County Kildare Ireland · Co. Kildare · Rathangan Save · Share
POSTED FROM
RATHANGAN
CO. KILDARE · IE

Rathangan
Ráth Iomgháin

The Ireland's Ancient East
STOP 03 / 06
Ráth Iomgháin · Co. Kildare

A canal town on the bog, with a hill full of legend behind it.

Rathangan is a canal town on the Barrow Line in west Kildare, sitting at the edge of the Bog of Allen with the Slate River coming through and the Hill of Allen visible on clear days to the north-east. The name says it plainly: Ráth Iomgháin — the fort of Iomghán — and the ringfort it refers to has sat northwest of the town since around 600 AD, when the Uí Failge kings built it as a seat of power where bog resources met river crossings. The town grew later, around the canal, and the Georgian townhouses along the water are evidence of that second founding.

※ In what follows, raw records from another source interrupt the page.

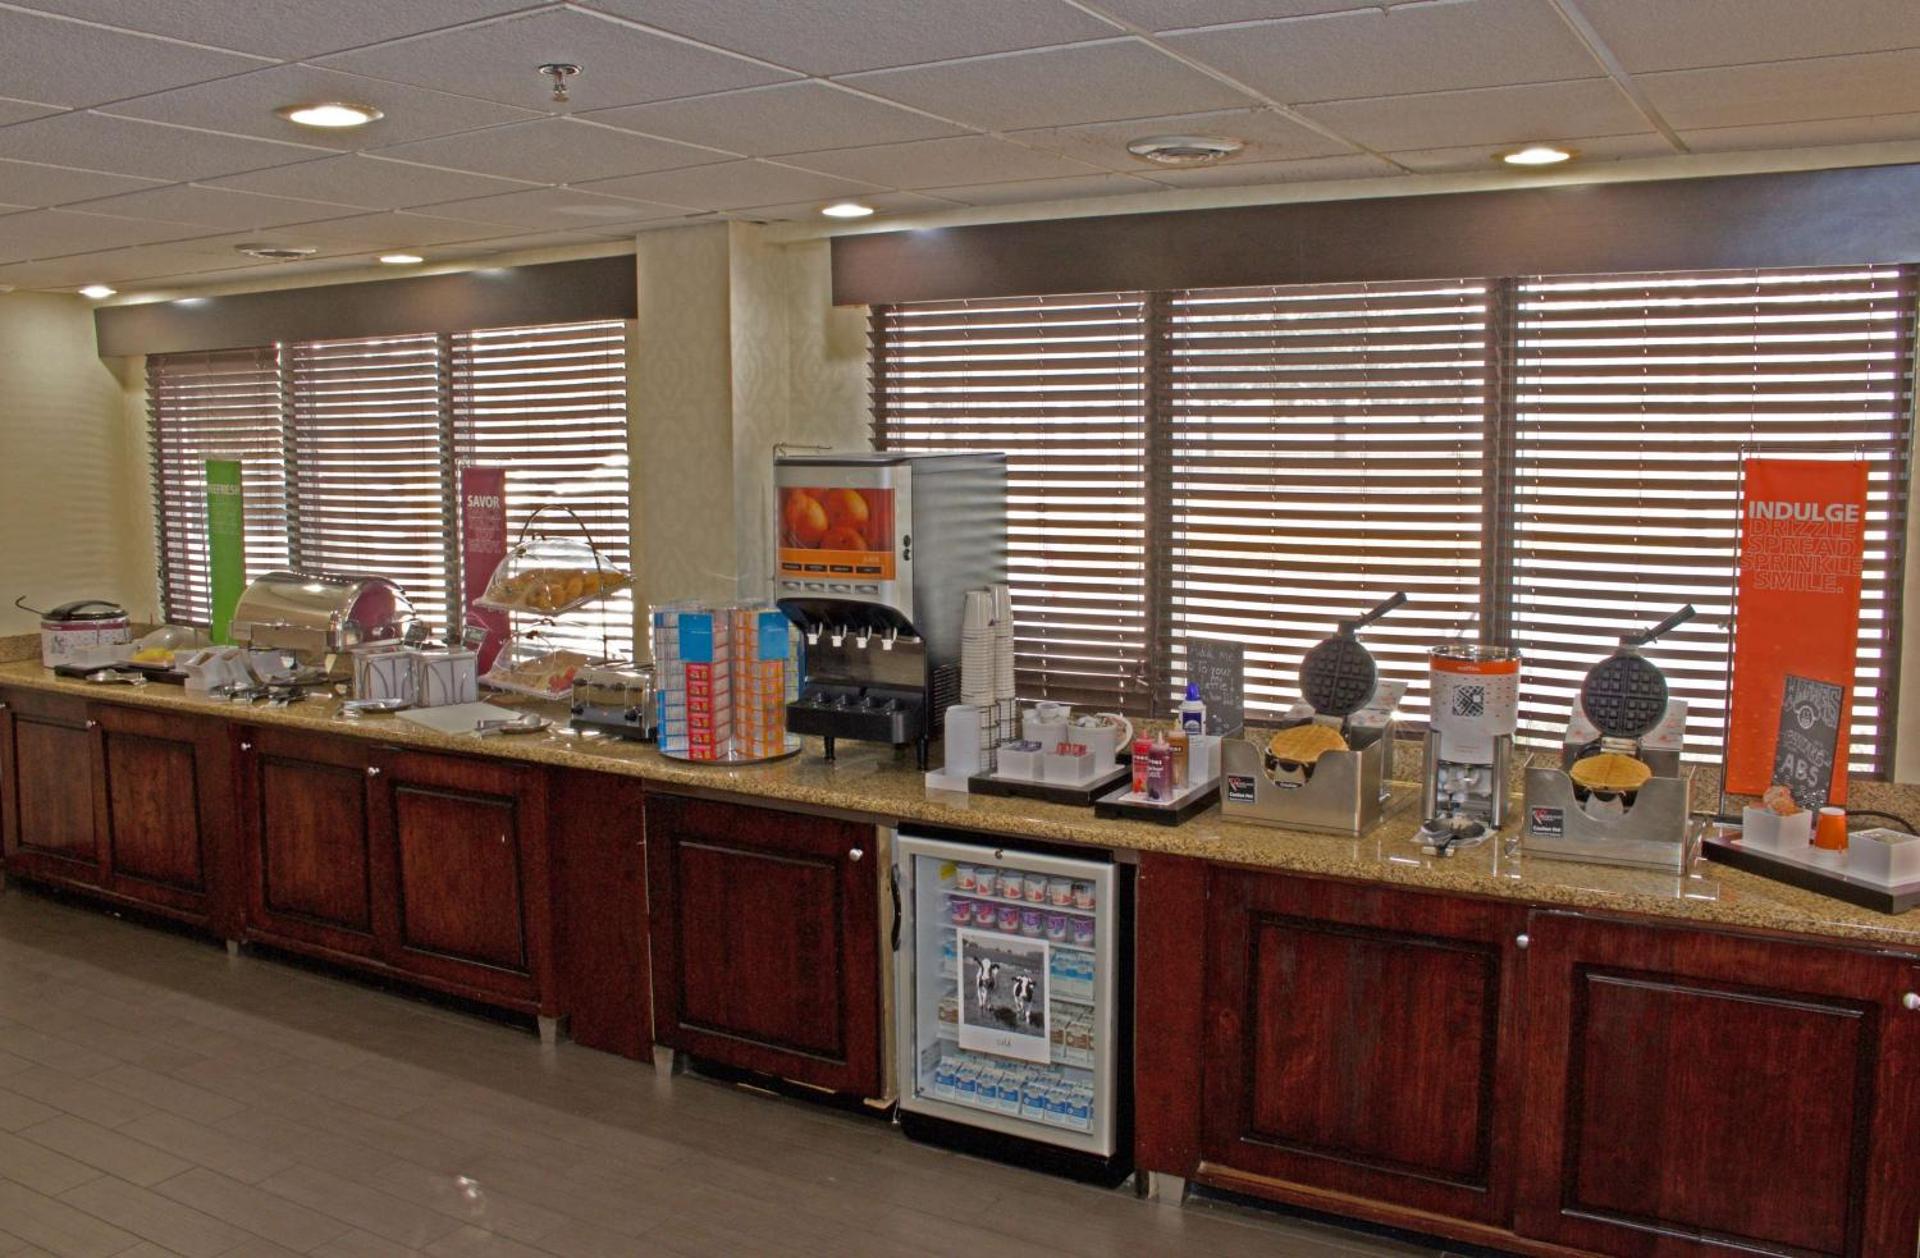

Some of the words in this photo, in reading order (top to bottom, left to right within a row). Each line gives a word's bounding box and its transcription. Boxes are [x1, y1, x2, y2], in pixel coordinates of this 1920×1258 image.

[467, 494, 500, 509] SAVOR
[1748, 500, 1860, 523] INDULGE
[1749, 518, 1858, 539] DRIZZLE
[1747, 535, 1857, 557] SPREAD
[1741, 551, 1864, 576] SPRINKLE
[1753, 570, 1844, 593] SMILE.
[1780, 753, 1819, 788] ABS
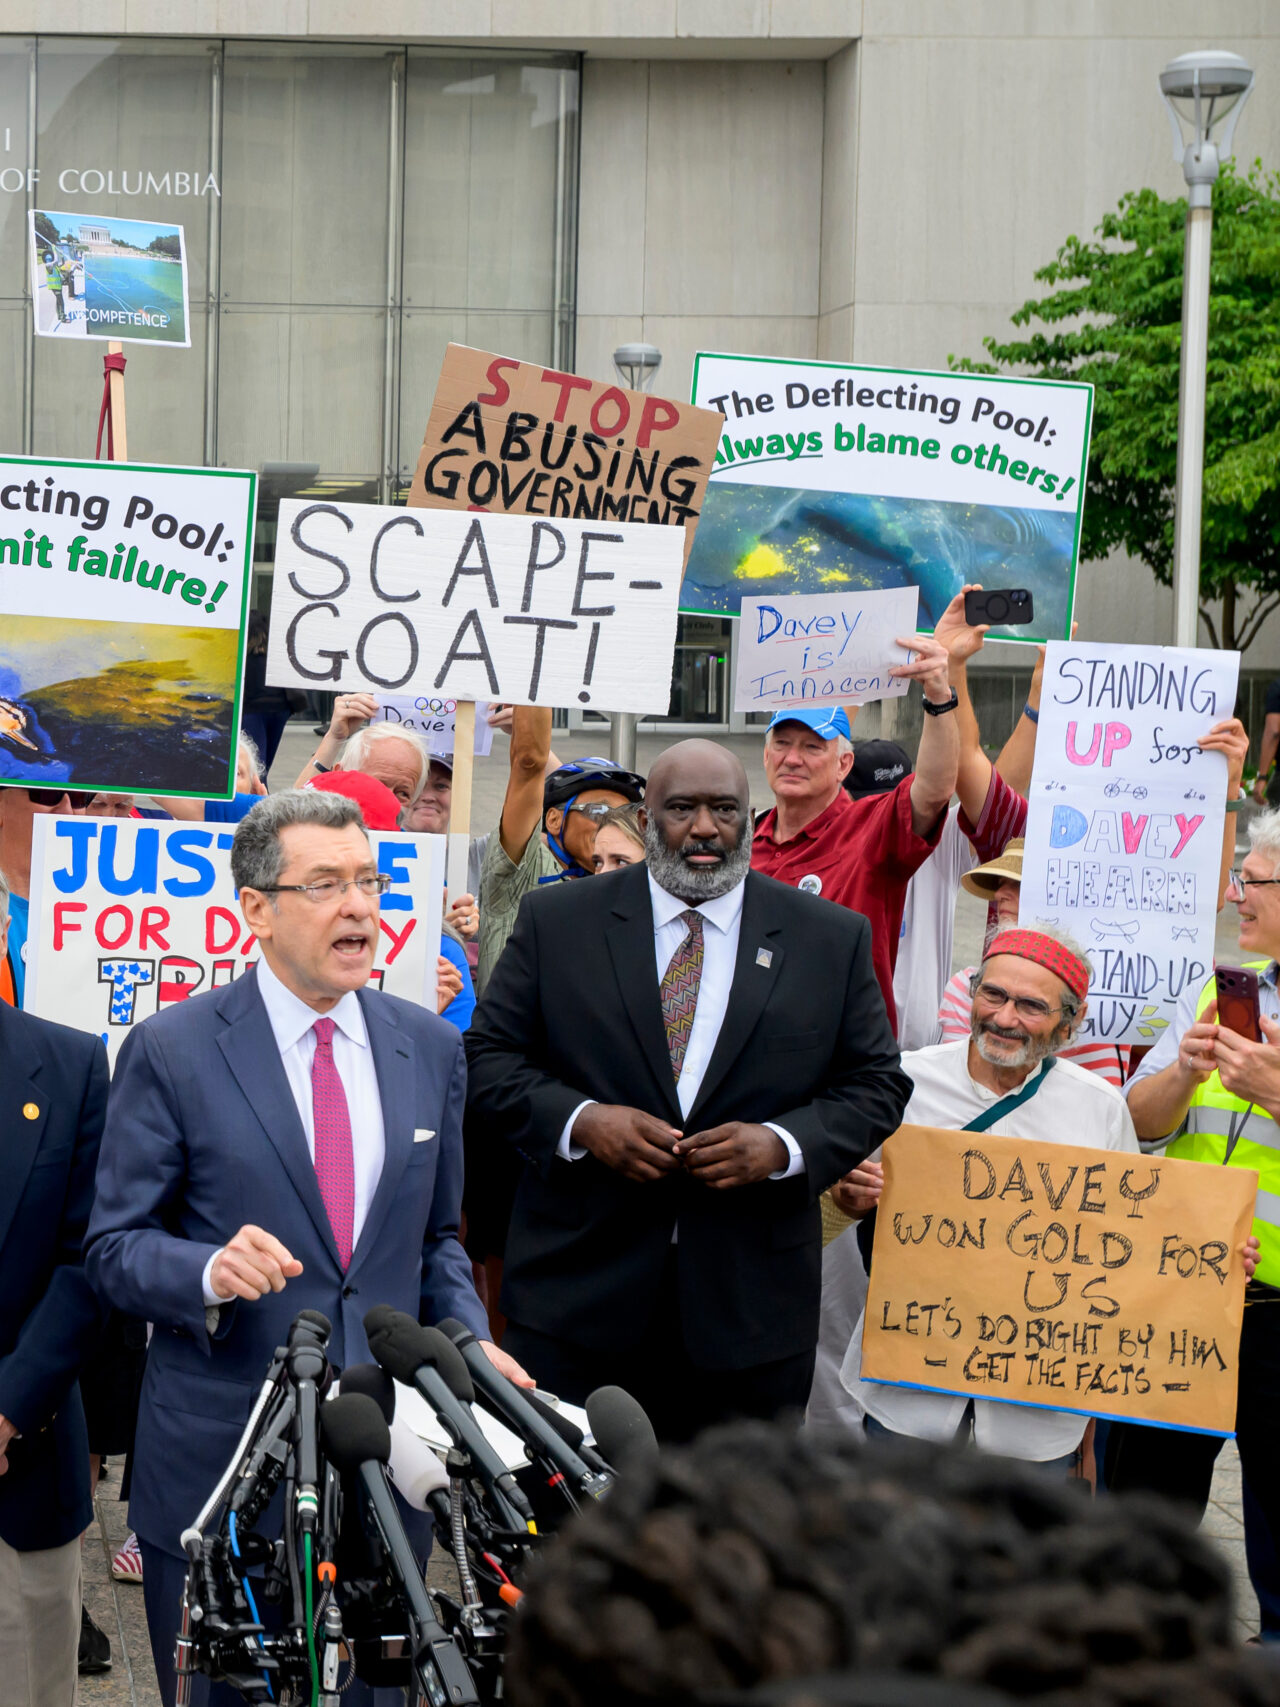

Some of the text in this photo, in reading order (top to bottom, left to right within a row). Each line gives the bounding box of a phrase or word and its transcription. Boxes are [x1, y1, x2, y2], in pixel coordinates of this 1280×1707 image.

The Grand Canal's Barrow Line reached here in the late eighteenth century and changed the town's geometry entirely. Suddenly this was a point on a route — Dublin to the Barrow, the Barrow to Waterford and the sea. The harbour filled with barges carrying Guinness porter westward and turf and grain east. The last cargo barge passed through in 1960. What remains is one of the better-preserved stretches of the Barrow Way: flat, quiet, and long enough to actually get somewhere on.

Bord na Móna occupied the bogland around Rathangan for most of the twentieth century. At the operation's peak, narrow-gauge railway lines spread across the peatland like a diagram of capillaries. The extraction has been wound down — a combination of EU environmental commitments and a court ruling that forced the semi-state body to stop — and the bogs around Umeras, a few kilometres out, are now being discussed as a peatlands park. Rewilding is a slower thing than cutting was. The land still has the flat, engineered look of former industrial ground.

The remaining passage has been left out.